Swiss parliament lifts ban on new nuclear power plants

Original Article ↗ Hacker News Discussion ↗

Economic viability: nuclear vs renewables

  • Many argue new nuclear is now far more expensive per MWh than solar + wind + storage, citing recent megaprojects with multi‑decade build times, 2–4× cost overruns, and heavy reliance on state guarantees and price floors.
  • Counter‑view: existing reactors can be very cheap to operate; high costs are framed as largely regulatory and “policy‑induced” rather than inherent. Some claim nuclear could be cheap again with standardized fleet builds and continuous construction.
  • Debate over “baseload”: critics say modern grids mainly need flexible “peakers” + storage, not inflexible baseload; others insist reliable firm generation is non‑negotiable and market prices underprice system‑level reliability.
  • Multiple commenters note that batteries plus renewables are rapidly falling in cost and volume, and that nuclear built today will arrive too late to materially help the near‑term decarbonization push.

Swiss‑specific context

  • Switzerland already has significant hydro and some nuclear; winter reliability and hydro seasonality are described as the core problems.
  • Pumped hydro potential is said to be mostly built out; geography limits large‑scale wind and utility‑scale solar, and NIMBY opposition is strong.
  • Some see nuclear + solar as the only realistic path to maintain industry, replace oil/gas, and handle glacier loss; others say Switzerland is one of the countries that least needs new nuclear and should focus on more hydro storage and solar.
  • Politics: left/green parties remain strongly anti‑nuclear; a referendum is expected and may block any practical build despite the legal ban being lifted.

Safety, environment, and cooling

  • Pro‑nuclear side stresses very low deaths/TWh compared to fossil fuels and argues radiological risks and waste are overstated; points to dry‑cask storage and deep geological repositories as “solved” engineering problems.
  • Skeptics emphasize:
    • Long‑lived waste and uncertain social/political stewardship over centuries.
    • Historic accidents, regulatory capture, and war/terrorism risks (e.g., Ukrainian plants as military targets).
    • High river temperatures and low flows already forcing European reactors to curtail output to protect ecosystems.

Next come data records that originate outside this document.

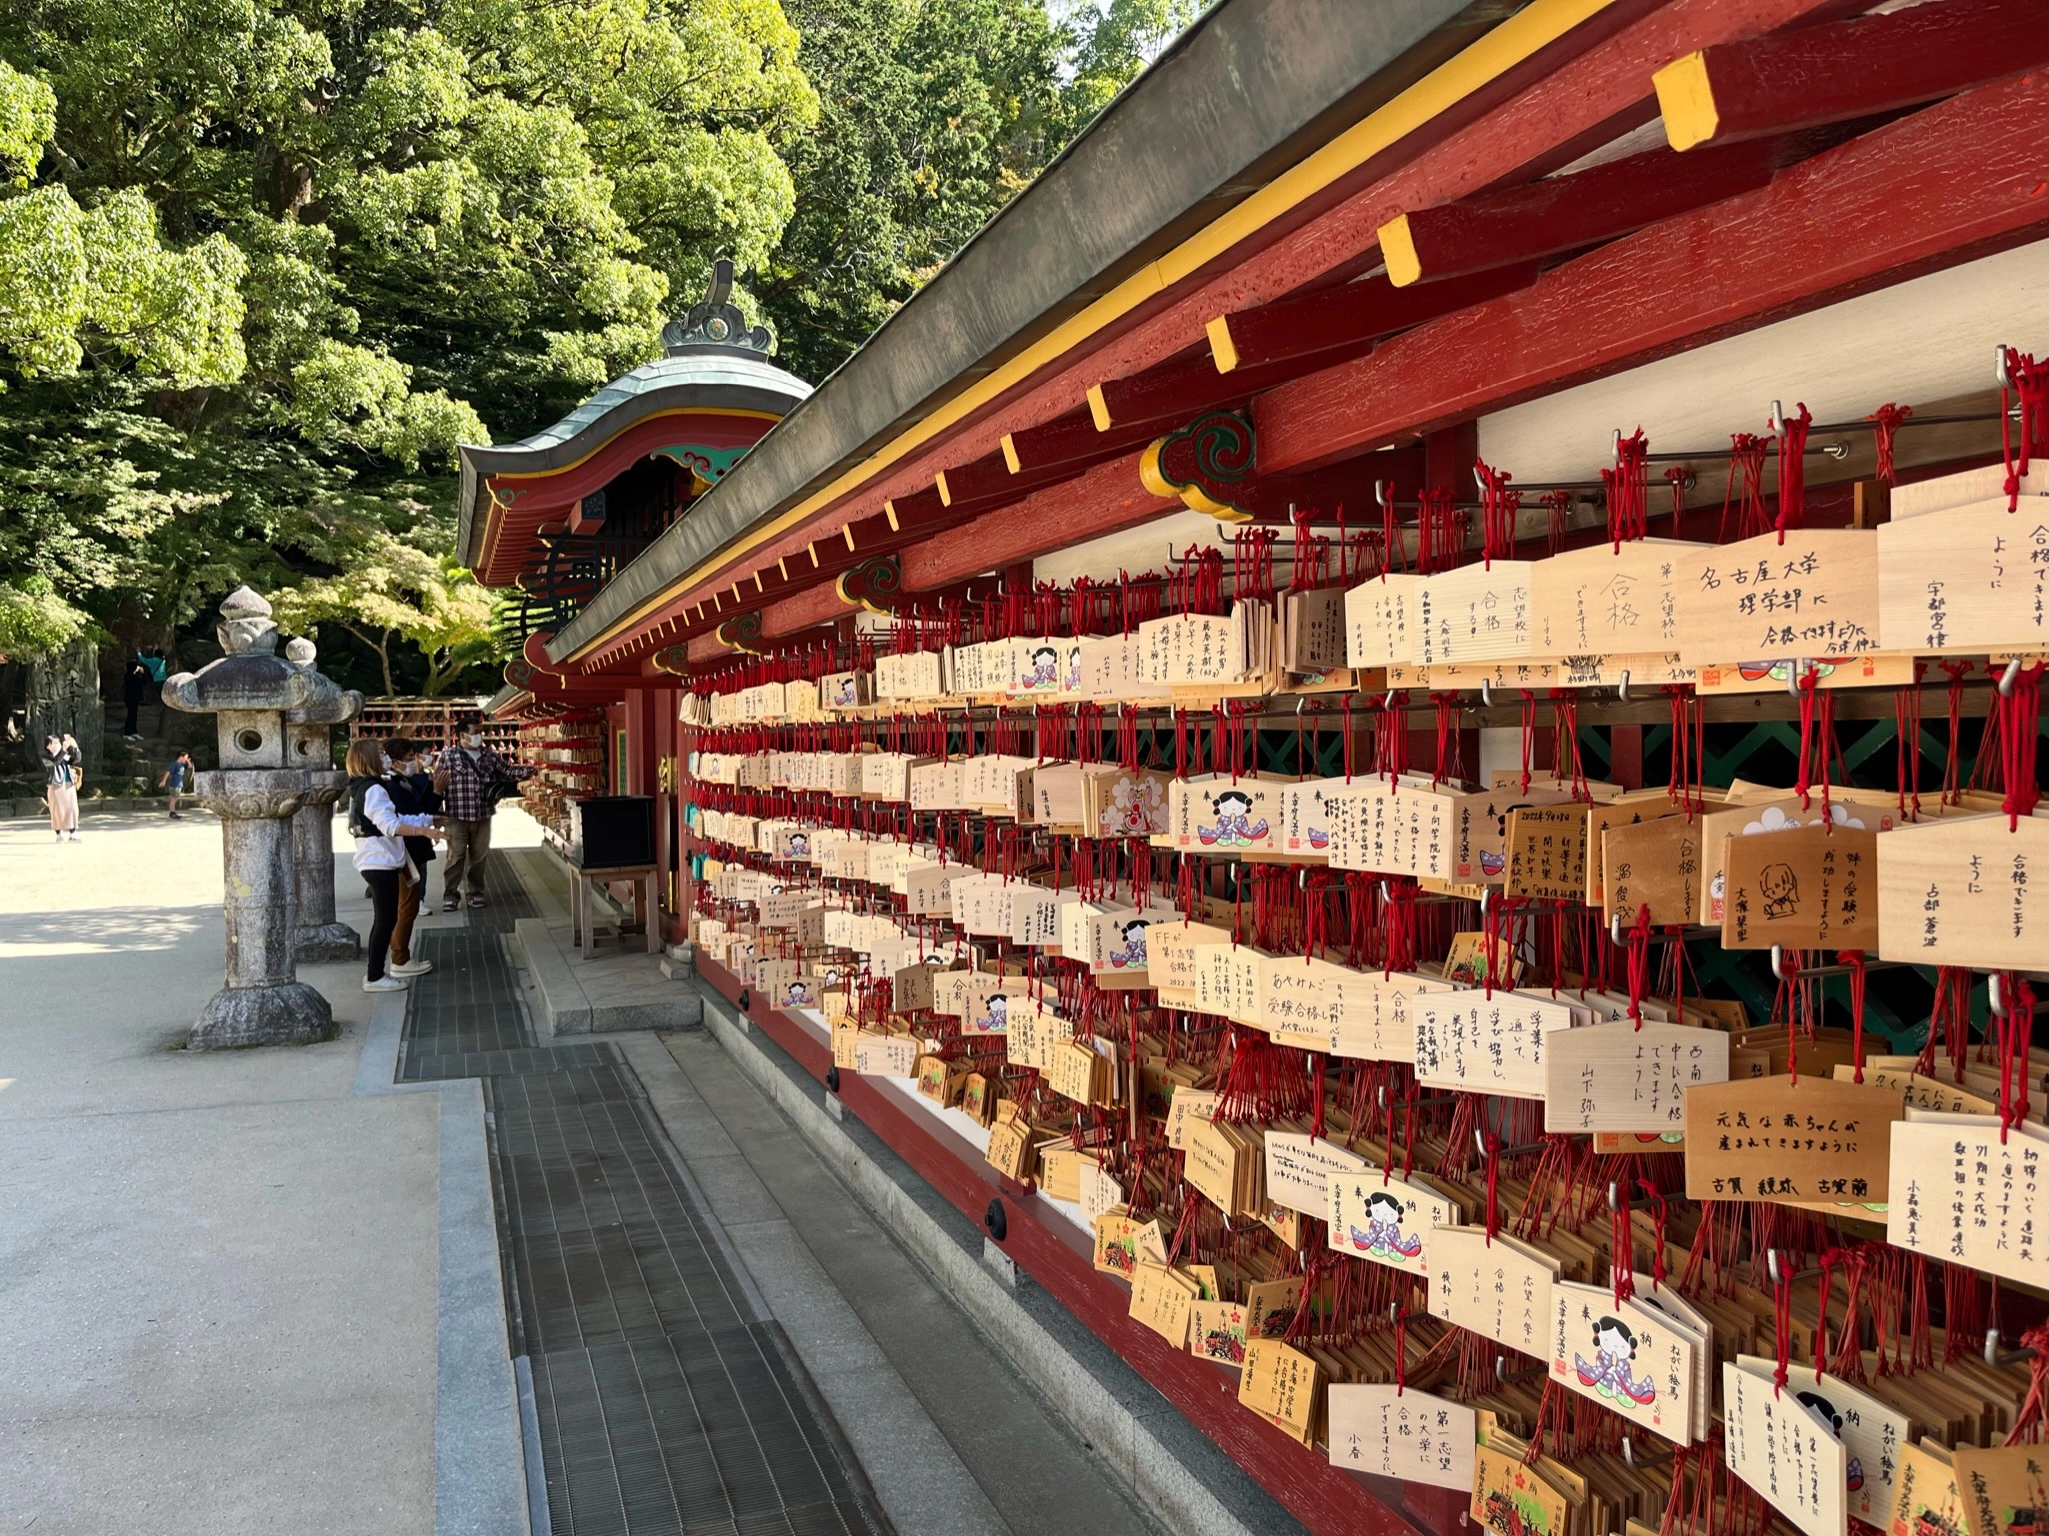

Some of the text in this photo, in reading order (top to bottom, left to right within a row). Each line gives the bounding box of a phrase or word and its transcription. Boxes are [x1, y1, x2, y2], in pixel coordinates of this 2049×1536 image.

[1700, 552, 1819, 591] 名古屋大学
[1991, 536, 2005, 588] ように
[1480, 591, 1500, 630] 合格
[1600, 574, 1640, 630] 合格
[1739, 589, 1827, 615] 理学部に
[1761, 620, 1866, 648] 合格できますように
[1203, 790, 1265, 802] 奉 納
[1290, 791, 1300, 836] 太宰府天満宮
[1314, 789, 1323, 802] 奉
[1486, 803, 1497, 819] 奉
[1460, 807, 1470, 862] 太宰府天満宮
[940, 877, 951, 901] 合格
[1678, 838, 1696, 920] 合格します
[1820, 849, 1836, 940] 成功しますように
[1842, 852, 1861, 925] 妹の受験が
[1969, 855, 1982, 894] ように
[2010, 854, 2028, 938] 合格できます
[1113, 920, 1120, 931] 奉
[979, 993, 985, 1002] 奉
[1373, 983, 1382, 1050] しますように
[1391, 991, 1407, 1023] 合格
[1471, 1008, 1480, 1048] 自己を
[1530, 1011, 1544, 1064] 学業を
[1635, 1045, 1643, 1101] ように
[1651, 1045, 1664, 1113] できます
[1668, 1043, 1682, 1121] 中に合格
[1690, 1045, 1703, 1080] 西南
[1716, 1112, 1860, 1133] 元気な赤ちゃんが
[1718, 1134, 1857, 1153] 産まれてきますように
[1334, 1183, 1343, 1232] 太宰府天満宮
[1355, 1185, 1417, 1212] 奉 納
[1712, 1177, 1743, 1194] 古賀
[1494, 1268, 1505, 1338] 合格できます
[1524, 1275, 1533, 1344] 志望大学に
[1557, 1297, 1567, 1358] 太宰府天満宮
[1580, 1304, 1652, 1348] 奉 納
[1668, 1343, 1681, 1400] ねがい絵馬
[1380, 1404, 1395, 1475] できますように。
[1398, 1406, 1413, 1436] 合格
[1419, 1413, 1432, 1463] の大学に
[1846, 1407, 1860, 1428] 納
[1349, 1434, 1364, 1459] 小春
[1437, 1410, 1452, 1472] 第一志望
[1879, 1421, 1896, 1486] ねがい絵馬
[1505, 1465, 1512, 1477] 奉
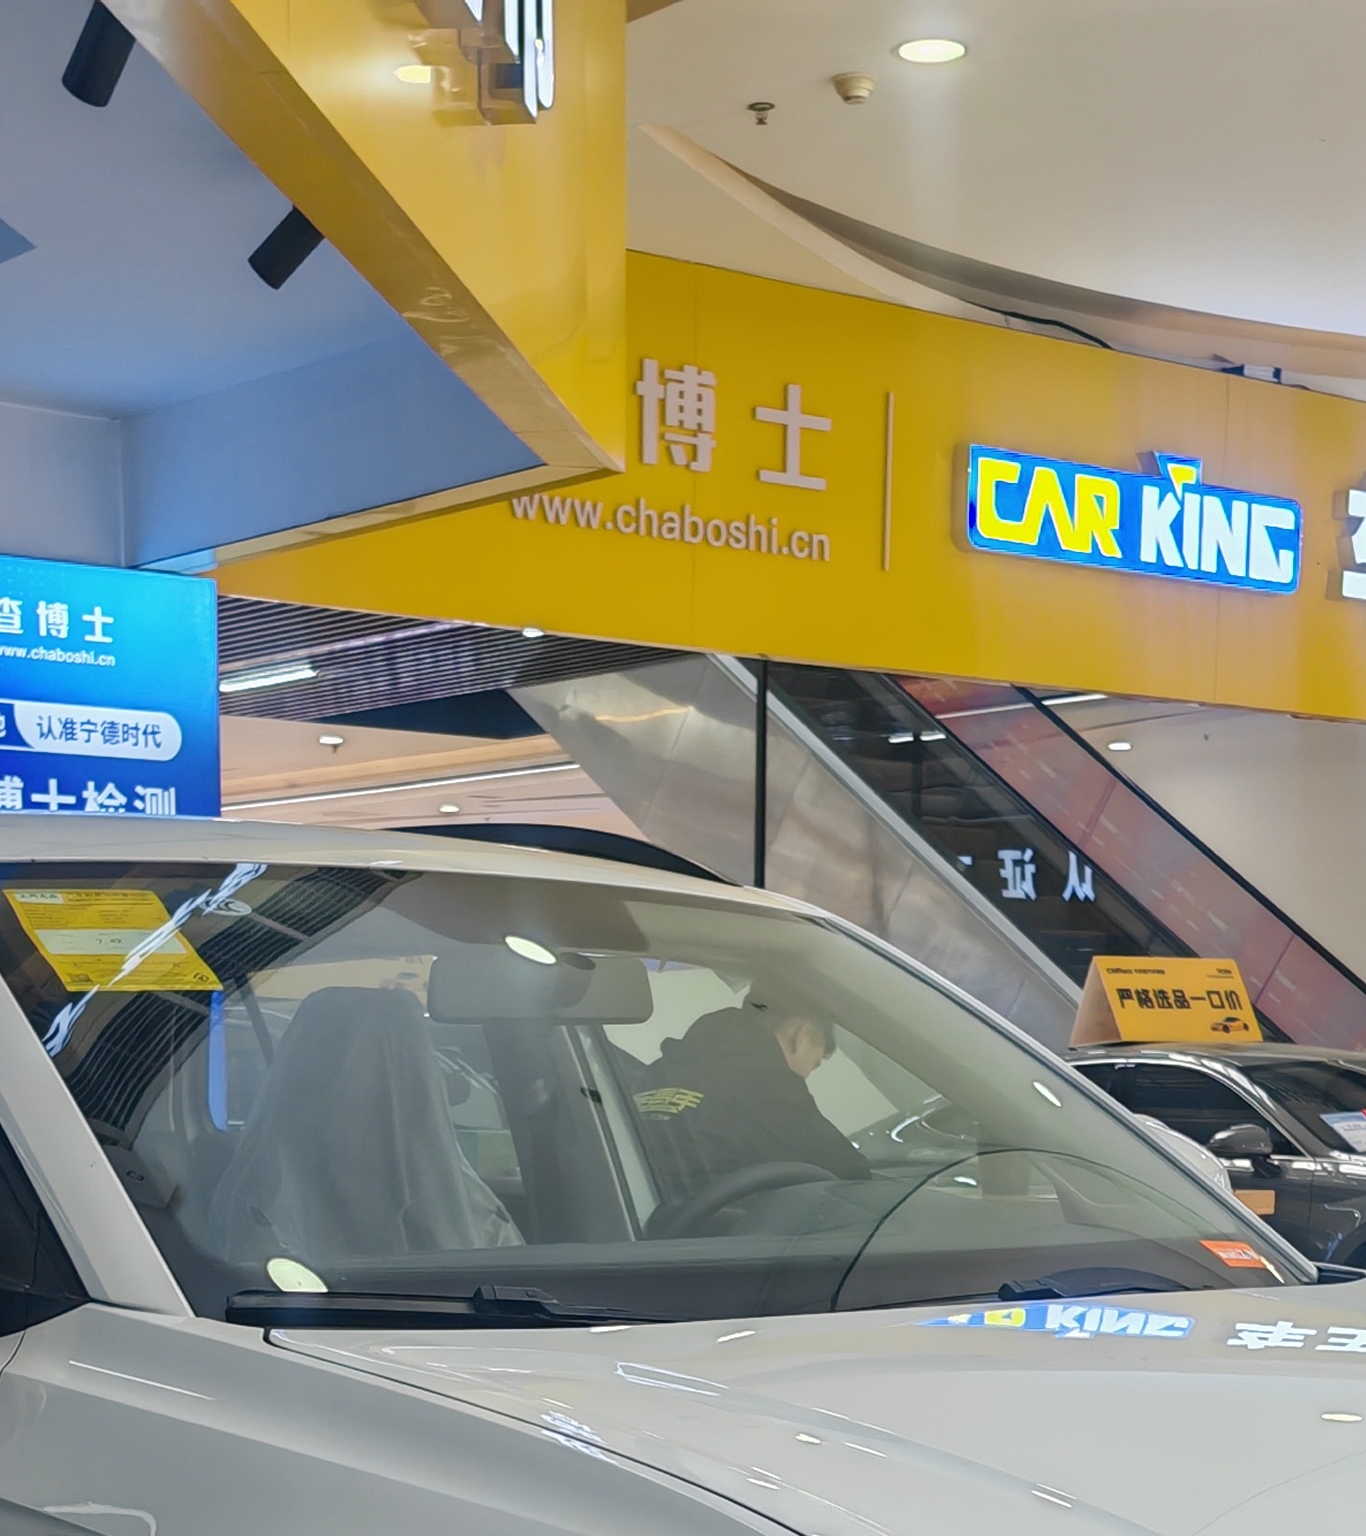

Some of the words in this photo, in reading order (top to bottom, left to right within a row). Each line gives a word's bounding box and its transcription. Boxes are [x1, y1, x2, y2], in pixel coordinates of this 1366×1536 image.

[635, 358, 832, 490] 博士
[511, 490, 831, 562] www.chaboshi.cn
[977, 457, 1122, 559] CAR
[1140, 464, 1297, 586] KING
[36, 714, 162, 750] 认准宁德时代
[1115, 987, 1244, 1011] 严格选品一口价
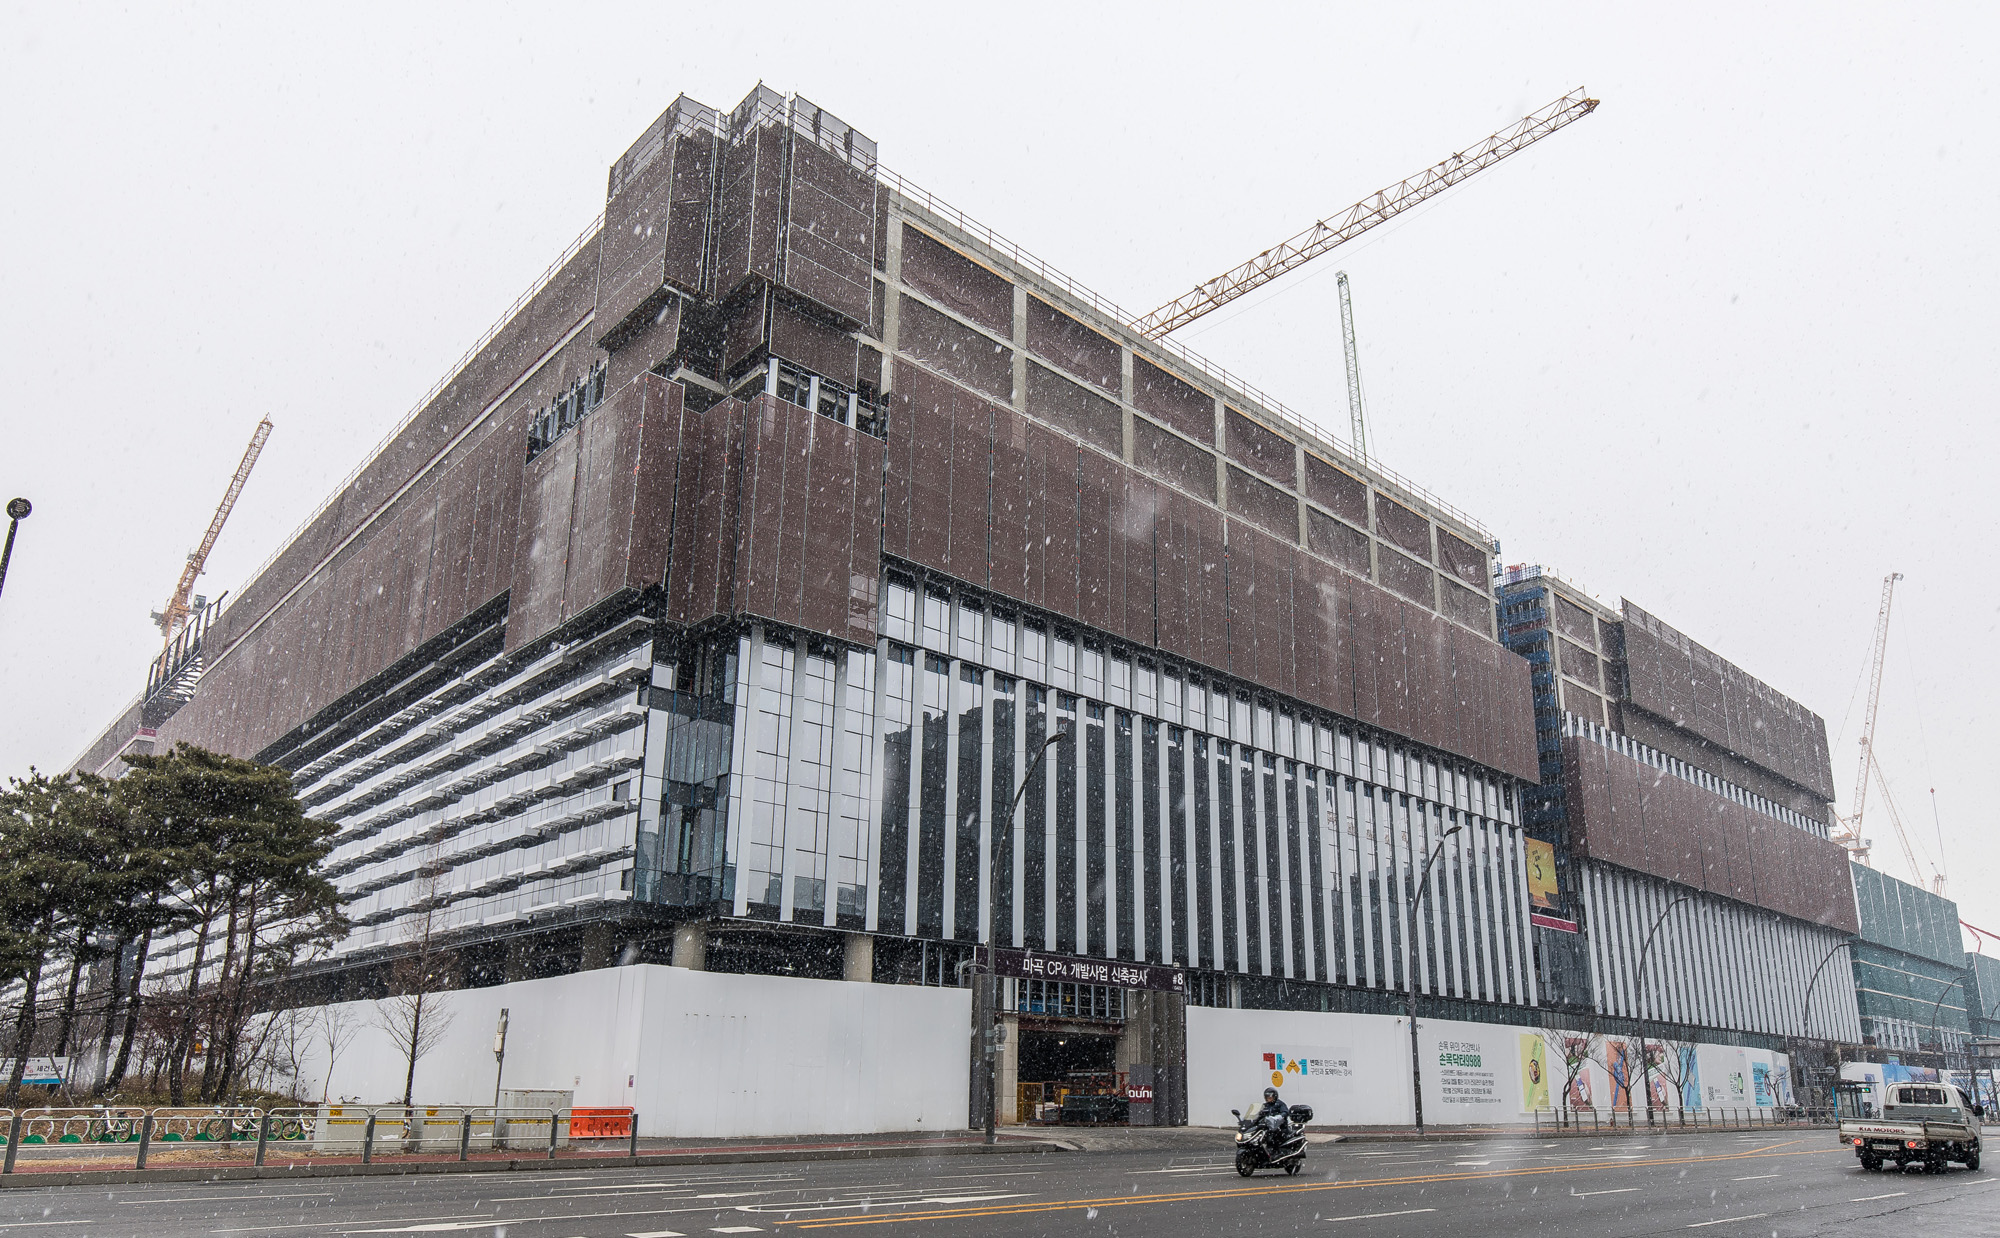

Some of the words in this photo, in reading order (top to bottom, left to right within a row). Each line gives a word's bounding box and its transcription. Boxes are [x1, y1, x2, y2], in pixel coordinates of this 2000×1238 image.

Advanced designs: SMRs and thorium

  • SMRs and molten‑salt/thorium concepts generate excitement as potentially safer, modular, and fuel‑efficient.
  • Others note every serious SMR project so far has revised costs upward; small reactors lose thermodynamic and staffing economies of scale, and “factory savings” are unproven.
  • Thorium and Gen‑IV are viewed by critics as perpetually “10–20 years away,” with limited deployment even in nuclear‑heavy countries.

Grid stability and storage

  • Discussion covers pumped hydro, grid‑forming inverters, synchronous condensers, and large battery banks as replacements for traditional rotating mass.
  • On long‑duration/seasonal issues, proposals include: overbuilding solar/wind, continental‑scale transmission, pumped hydro atlases, and chemical storage (hydrogen/methane).
  • Some argue a 90–97% renewables + a small gas backup share is system‑optimal; others call this “wishful thinking” and want nuclear as insurance against long dunkelflaute and climate‑driven variability.

Politics, ideology, and proliferation

  • Strong disagreement over the role of environmental movements: one side blames them (sometimes alleging fossil funding) for killing a promising low‑carbon option; the other says nuclear’s economics and safety record sank it first.
  • Several note that nuclear power programs can facilitate nuclear weapons capabilities; some see that as a strategic benefit (deterrence, energy sovereignty), others as a non‑proliferation hazard.
  • A recurring meta‑theme: energy debates are polarized into “nuclear vs renewables,” whereas many commenters argue the real choice is “all low‑carbon options we can realistically afford and deploy.”